Charges under the Health & Safety at Work Act 1974 can run alongside a prosecution for corporate manslaughter. As fines under either charge are unlimited in the Crown Court, it may in practice be difficult to draw a distinction in the mind of a jury as to the point at which a serious health and safety breach crosses into the realm of corporate manslaughter. However, the perceived need for opprobrium may increase conviction rates.

The government estimates a further five corporate manslaughter cases per annum in its regulatory impact assessment on the effect of the change in law. This is likely to be a huge underestimate.

As the bill is still liable to change, further full comment is reserved until it is in its final form and will be the basis for an update article in this magazine.

In conclusion, merely being incorporated into a limited company will not shield you from the criminal consequences flowing from a fatality at work. The sad reality is that simple mistakes can give rise to catastrophic consequences that are out of all proportion to the original act. After the event it is always clear what might happen. The difficulty is in spotting the potential harm before anything untoward actually occurs. Accidents do happen within the industry. People get injured. Some of these injuries prove fatal. The trauma of undergoing a lengthy trial and the years of waiting for it to come to court are terrifying experiences for otherwise law-abiding folk. The issue is whether it makes the Mr Jacksons and Mr Clothiers of this world any safer in managing their enterprises in the future.

If you are prosecuted, your insurance cover may provide for legal costs, but it will certainly not provide for any fine imposed upon you, nor is likely to cover any prosecution costs that you may also be called upon to pay. The penalties are increasing; Transco was fined £15 million in recent months. The law on corporate manslaughter is currently changing, but this will only tighten the duties on you and make it even simpler for a prosecution to be made out. Resolve to act now, before it’s too late.

Paul Verrico is a solicitor in the regulatory division of Eversheds.

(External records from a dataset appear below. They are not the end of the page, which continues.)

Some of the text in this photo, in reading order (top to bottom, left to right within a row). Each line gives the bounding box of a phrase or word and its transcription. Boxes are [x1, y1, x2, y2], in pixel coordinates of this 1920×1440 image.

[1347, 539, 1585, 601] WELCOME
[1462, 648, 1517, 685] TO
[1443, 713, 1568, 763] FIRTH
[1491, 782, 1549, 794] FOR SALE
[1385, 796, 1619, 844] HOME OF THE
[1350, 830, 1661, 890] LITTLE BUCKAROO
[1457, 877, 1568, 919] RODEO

He can be contacted on 0845 498 4084 or email:

paulverrico@eversheds.com

A case for the prosecution

OLL
Eight students, their teacher and two instructors from OLL tried to canoe across the Lyme Bay as part of an organised expedition. The instructors only had basic proficiency skills in canoeing and the weather was bad. The group was swept out to sea. OLL had failed to equip any canoe with distress flares and had not informed the coastguard of the trip. Four students died.

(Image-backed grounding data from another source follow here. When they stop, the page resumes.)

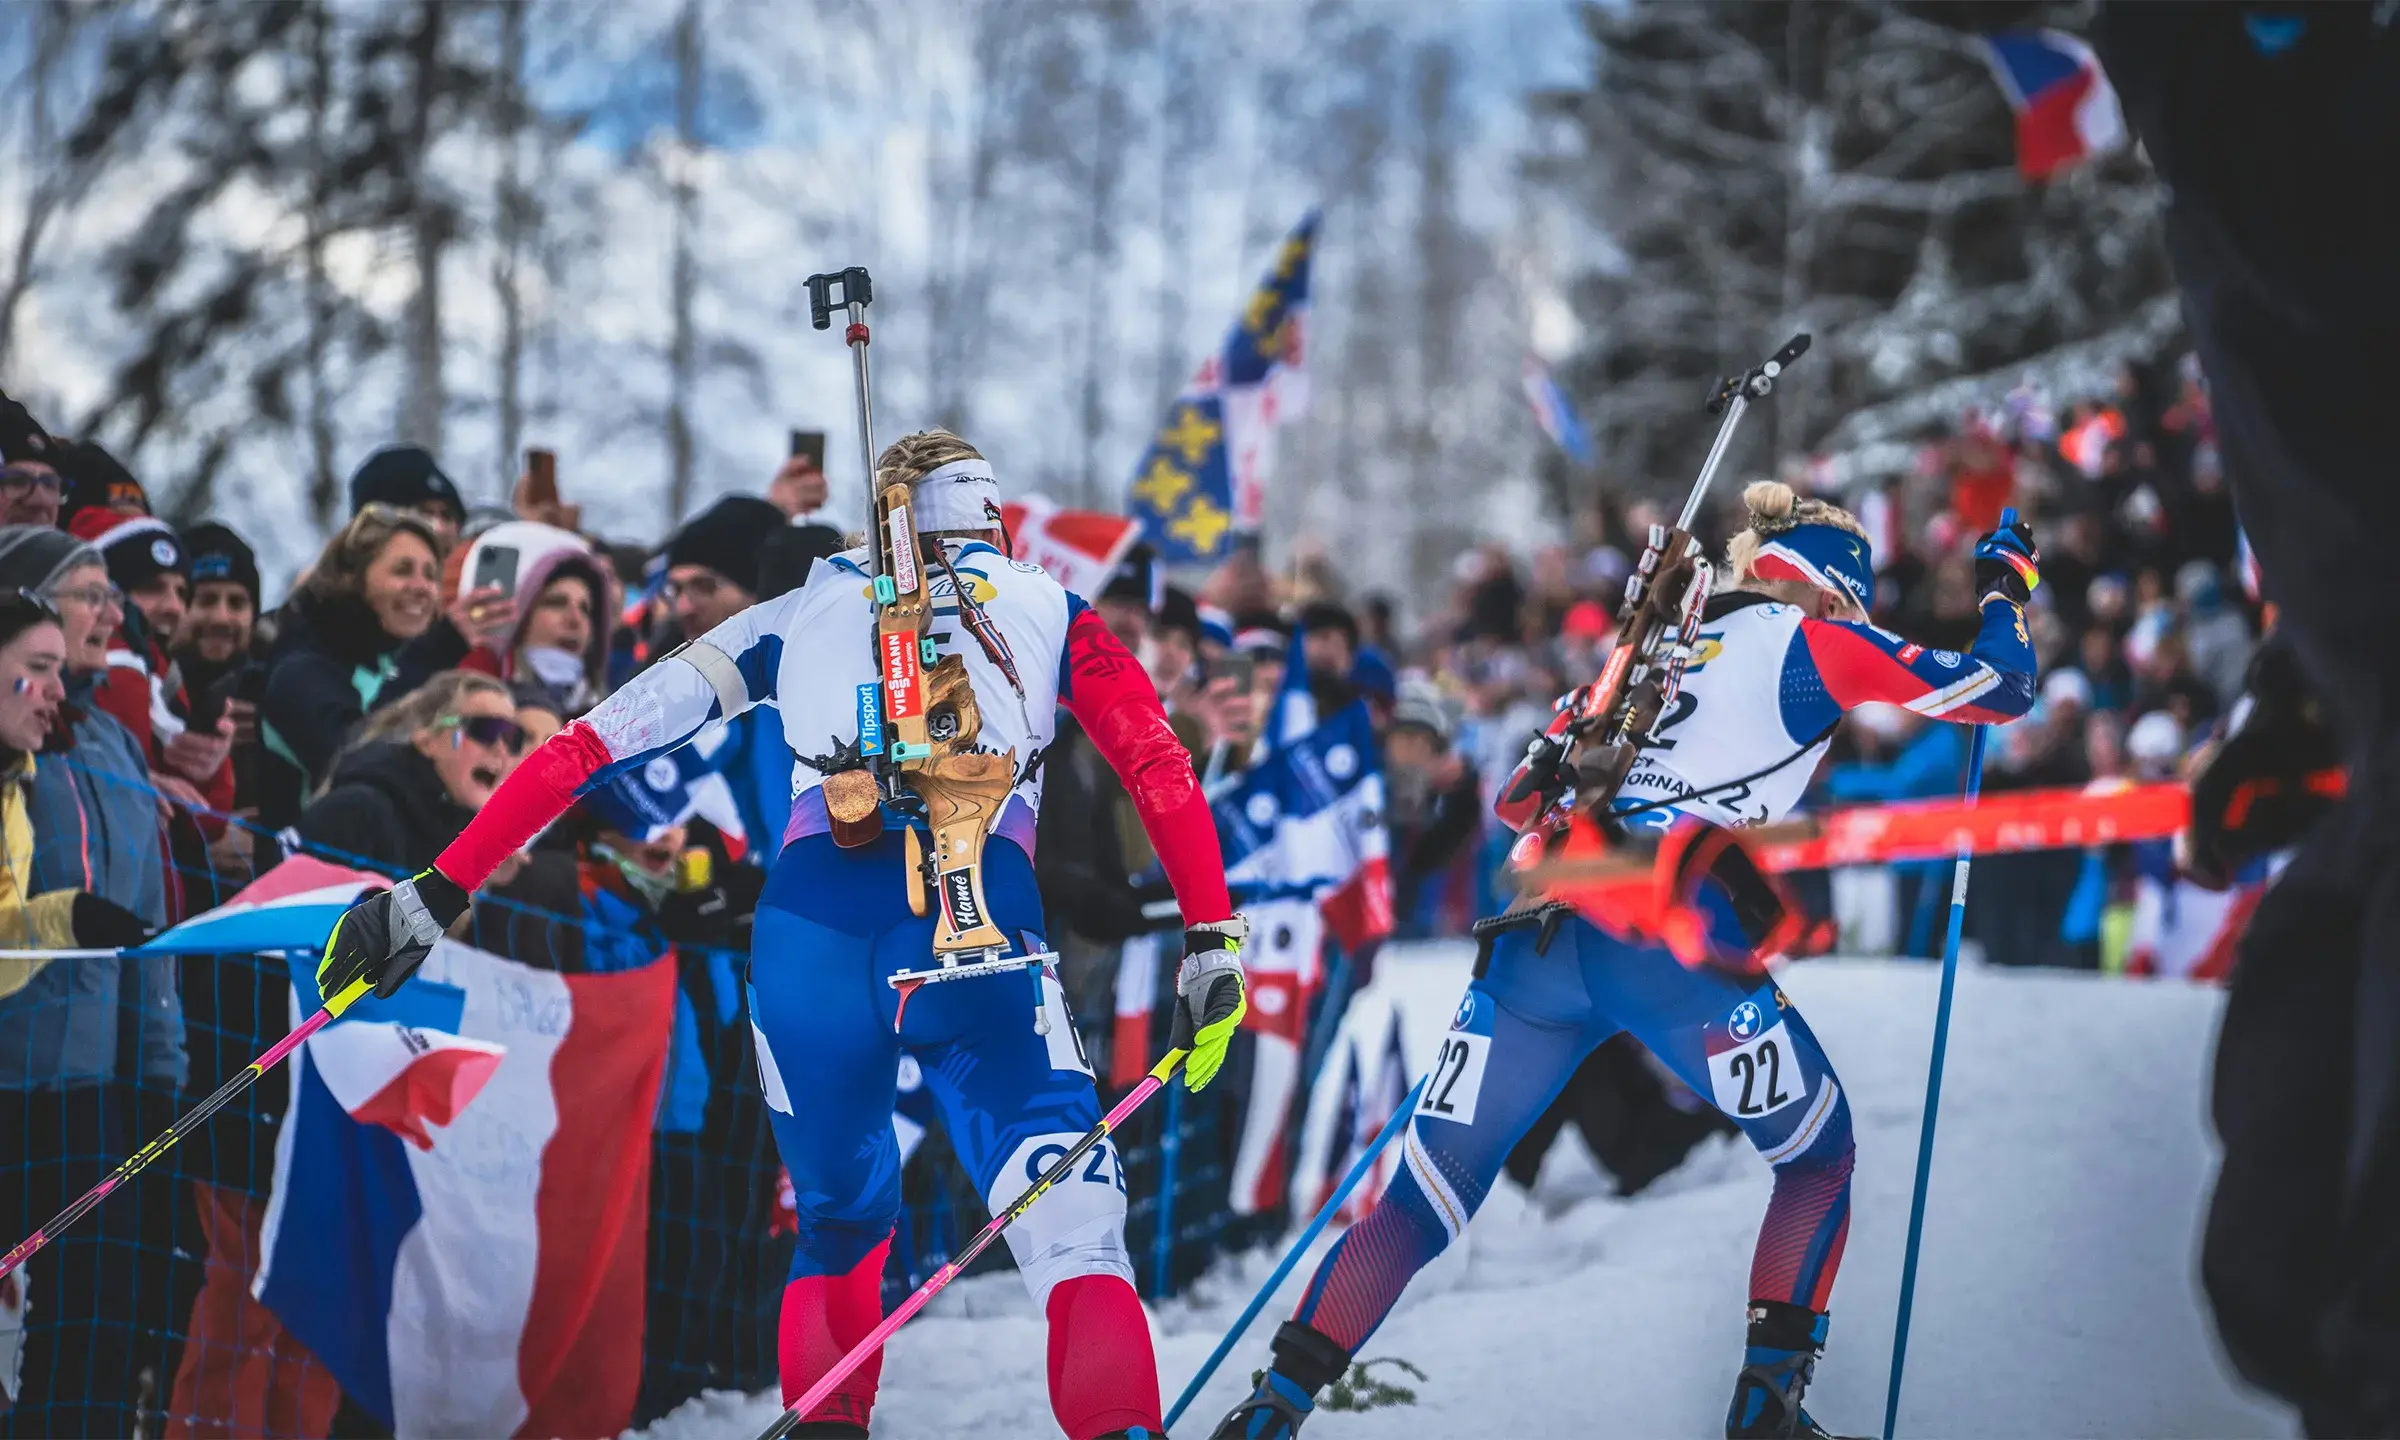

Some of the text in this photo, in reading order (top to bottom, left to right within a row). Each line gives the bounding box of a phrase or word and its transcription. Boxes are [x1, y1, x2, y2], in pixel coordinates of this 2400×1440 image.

[888, 634, 911, 716] VIESSMANN
[905, 642, 914, 663] pumps
[860, 686, 878, 738] Tipsport
[951, 875, 978, 925] Hamé
[1421, 1038, 1470, 1115] 22
[1729, 1040, 1788, 1115] 22

An OLL director was sentenced to a custodial sentence of three years. The company was fined £60 000, which put it out of business.

Dennis Clothier & Sons
A trailer unit became detached from the trailer pulling it, as it was dangerously loaded and the hitch mechanism was worn. The trailer then careered down a hill and killed a man sitting in his car at the side of the road.

Mr Clothier had overall safety and maintenance responsibility; the Court decided that he should have noticed the defects, which were clearly obvious to the naked eye. Mr Clothier narrowly escaped a custodial sentence with a 240 hour community service penalty. The company was also fined.

Roger Jackson
Mr Jackson was the owner and manager of a small business employing fewer than 20 people. Rubbish produced had to be discarded, and this was achieved by throwing it into a skip – hardly a dangerous activity.

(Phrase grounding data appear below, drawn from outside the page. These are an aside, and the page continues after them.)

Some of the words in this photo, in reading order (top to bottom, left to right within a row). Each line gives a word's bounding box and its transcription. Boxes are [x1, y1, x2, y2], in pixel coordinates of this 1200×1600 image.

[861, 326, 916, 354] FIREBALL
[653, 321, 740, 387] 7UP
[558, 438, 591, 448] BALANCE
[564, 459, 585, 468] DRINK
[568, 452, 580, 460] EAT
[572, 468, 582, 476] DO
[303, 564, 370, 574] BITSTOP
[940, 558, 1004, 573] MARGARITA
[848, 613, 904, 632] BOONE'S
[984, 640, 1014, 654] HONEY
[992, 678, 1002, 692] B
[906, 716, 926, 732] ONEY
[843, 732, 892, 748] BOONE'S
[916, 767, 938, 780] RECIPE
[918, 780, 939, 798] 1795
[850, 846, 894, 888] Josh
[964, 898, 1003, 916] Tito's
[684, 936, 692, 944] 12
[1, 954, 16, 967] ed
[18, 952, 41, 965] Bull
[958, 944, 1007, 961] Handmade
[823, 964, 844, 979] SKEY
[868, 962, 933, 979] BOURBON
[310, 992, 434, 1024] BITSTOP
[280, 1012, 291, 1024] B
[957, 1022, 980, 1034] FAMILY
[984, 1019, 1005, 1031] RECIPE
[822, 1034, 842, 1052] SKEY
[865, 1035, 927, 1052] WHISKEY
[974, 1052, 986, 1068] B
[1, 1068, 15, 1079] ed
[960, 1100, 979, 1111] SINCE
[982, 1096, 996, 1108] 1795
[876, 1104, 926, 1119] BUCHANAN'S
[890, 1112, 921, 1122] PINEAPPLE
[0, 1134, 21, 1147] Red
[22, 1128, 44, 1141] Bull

For a laugh, however, the employees developed the practice of lifting a cage containing rubbish on a fork lift truck with a person inside. It was claimed to be easier to push the rubbish out of the cage.

One day, the cage toppled off the fork lift truck and the young man inside sustained fatal injuries. At trial, the prosecution alleged Mr Jackson knew what was going on but had turned a blind eye. Witnesses said they had told him it was an obviously dangerous practice.

At the end of a trial lasting several weeks, Mr Jackson was convicted. The judge appeared keen on sending him to prison, but was caught in the following dilemma: If Mr Jackson was incarcerated, his business would close immediately, thereby punishing all his employees and family members along with him. In the end, he was given a suspended sentence.